Parvin had only been married for one month before the attack and her husband was badly injured too. He thinks others share Saddam's guilt but will never be punished. "Other countries like Germany helped [Saddam] get the weapons and the Arabs paid for the war," he says. "The Americans defended him. That's why they're keeping quiet about it. Justice is not just a simple question of punishing Saddam."

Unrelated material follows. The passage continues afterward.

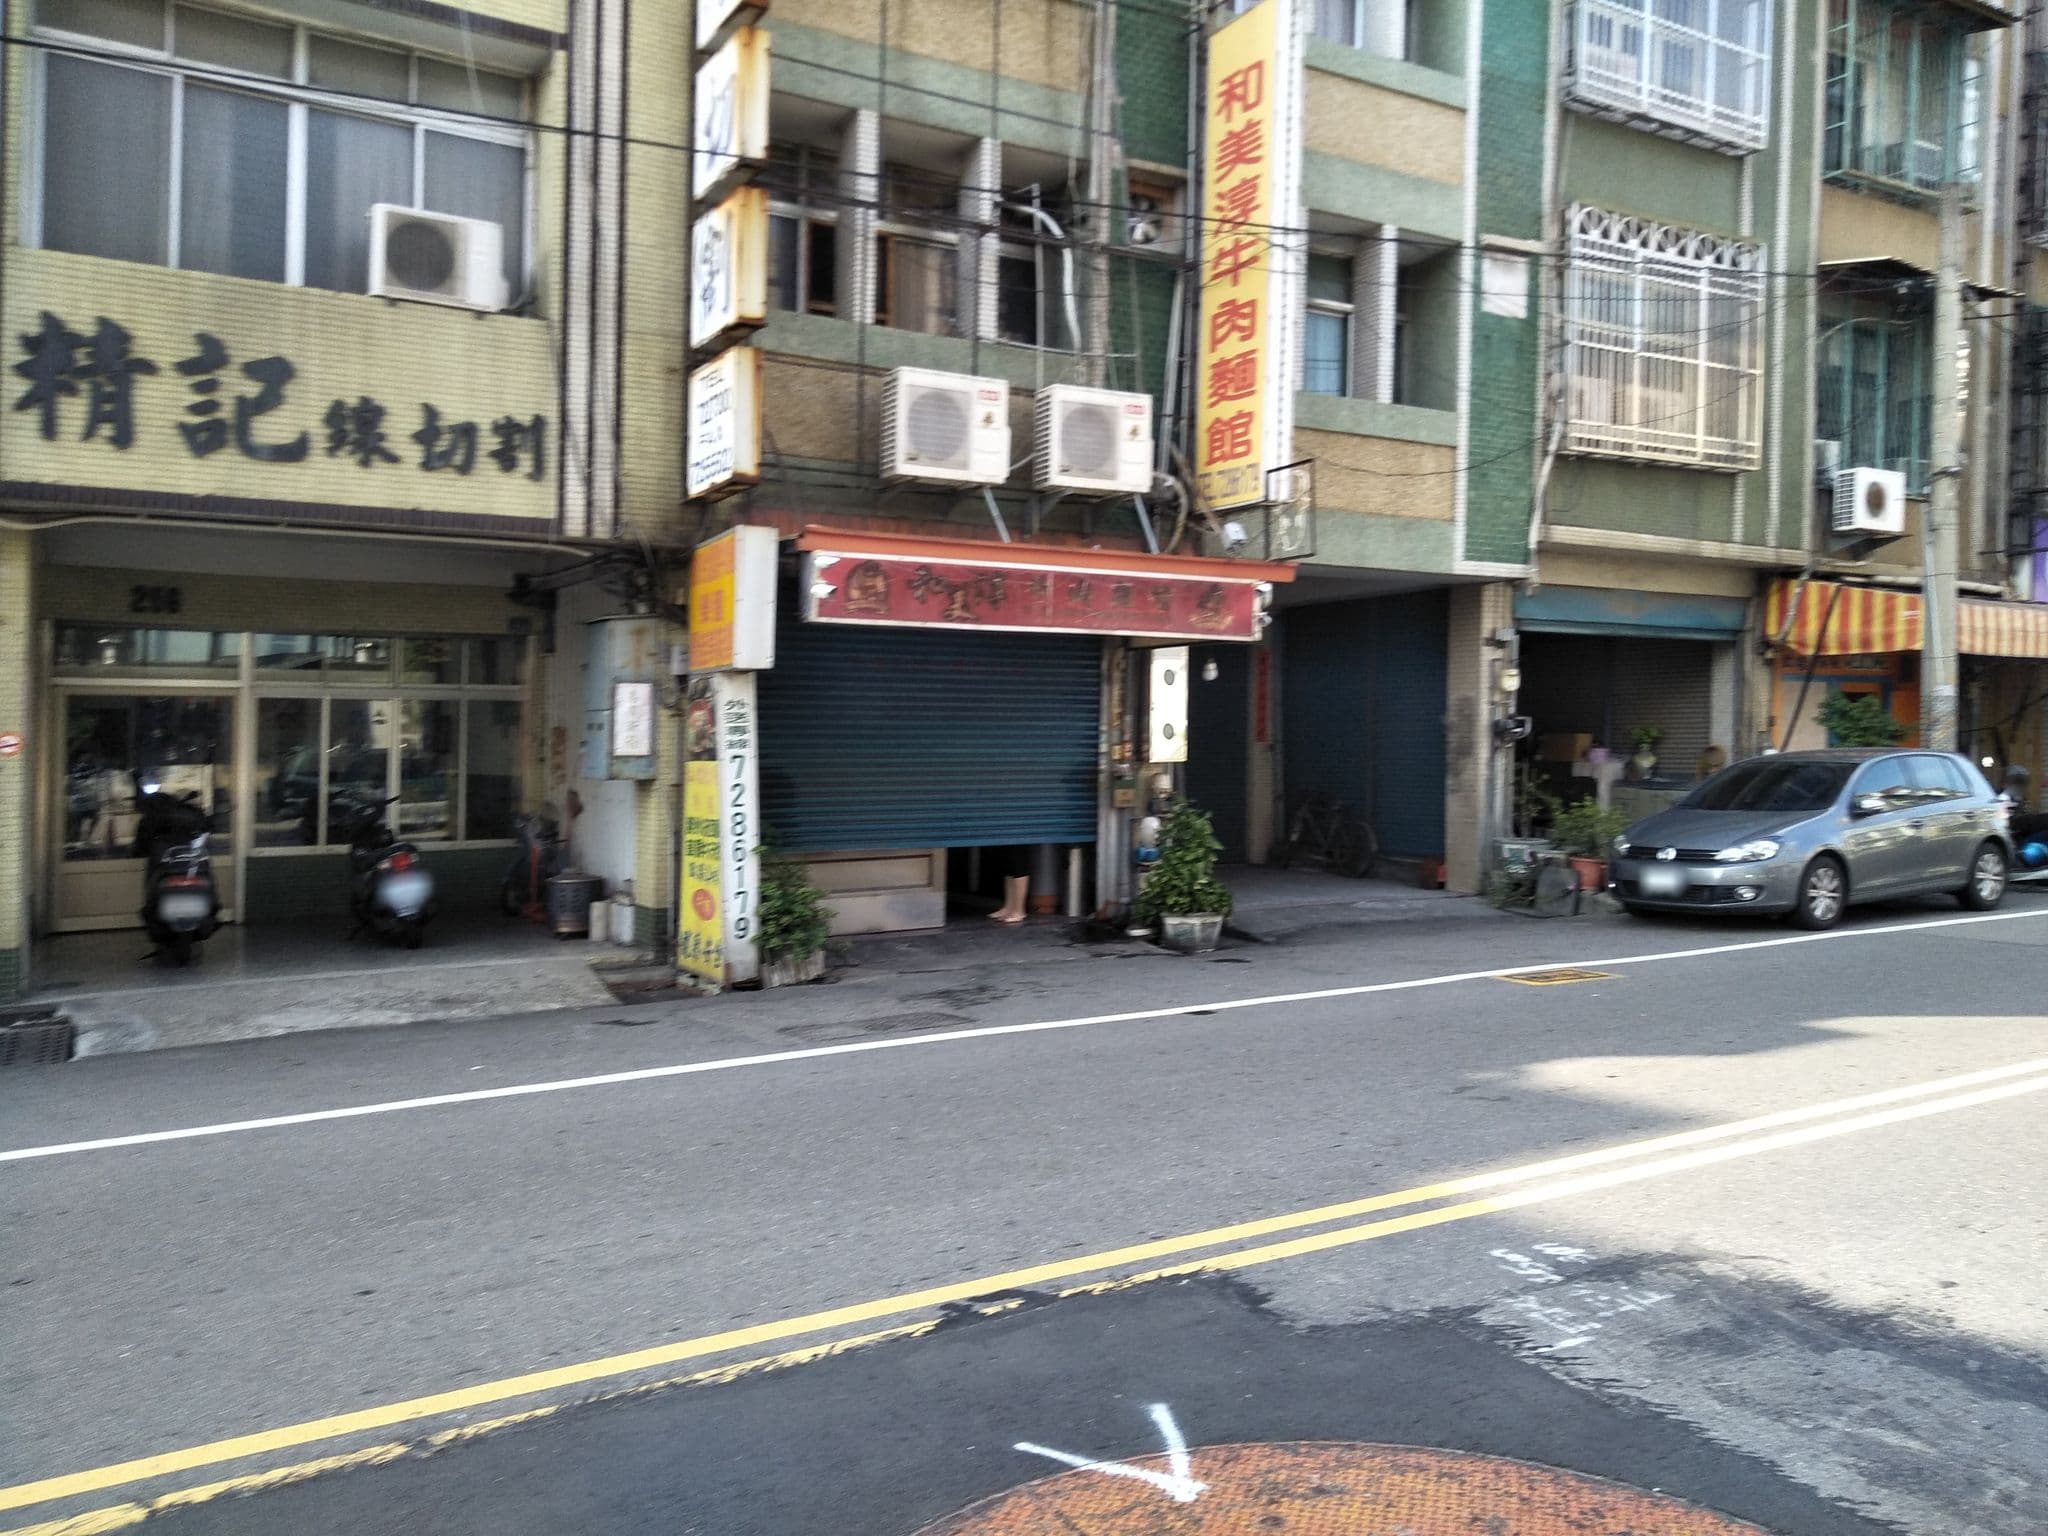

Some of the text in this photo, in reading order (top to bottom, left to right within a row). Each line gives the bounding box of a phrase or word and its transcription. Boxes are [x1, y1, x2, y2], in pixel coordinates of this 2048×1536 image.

[1205, 59, 1264, 466] 和美淳牛肉麵館
[730, 755, 749, 940] 7286179

Washington gave Baghdad political support in the war long after Iraq's use of chemical weapons had been made public. At that time, Iran was in the throes of revolution and was seen as more dangerous than Saddam's Iraq. During his visit to Tehran last week, Iraqi Prime Minister Ibrahim al-Jaafari pinned blame for the war entirely on Saddam.

"Why has all this been forgotten? How can weapons of mass destruction be an excuse to attack Saddam while the victims of his attacks do not count enough to be taken into consideration?" asked Shahriar Khateri of the Society for Chemical Weapons Victims' Support, an Iranian non-governmental organisation. As a 14-year-old boy, Dr Khateri was exposed to mustard gas while fighting on the front line.

Iran complained several times to the UN Security Council after Iraq began using chemical weapons in 1983 but it never secured a specific condemnation of Iraq.

"We were used to terrible weapons like tanks and bombs, but this one created awe," said Dr Khateri. "When we saw people who had died without signs of injury on their bodies, it made us far more frightened than when someone was hit by a bullet and you knew what had happened."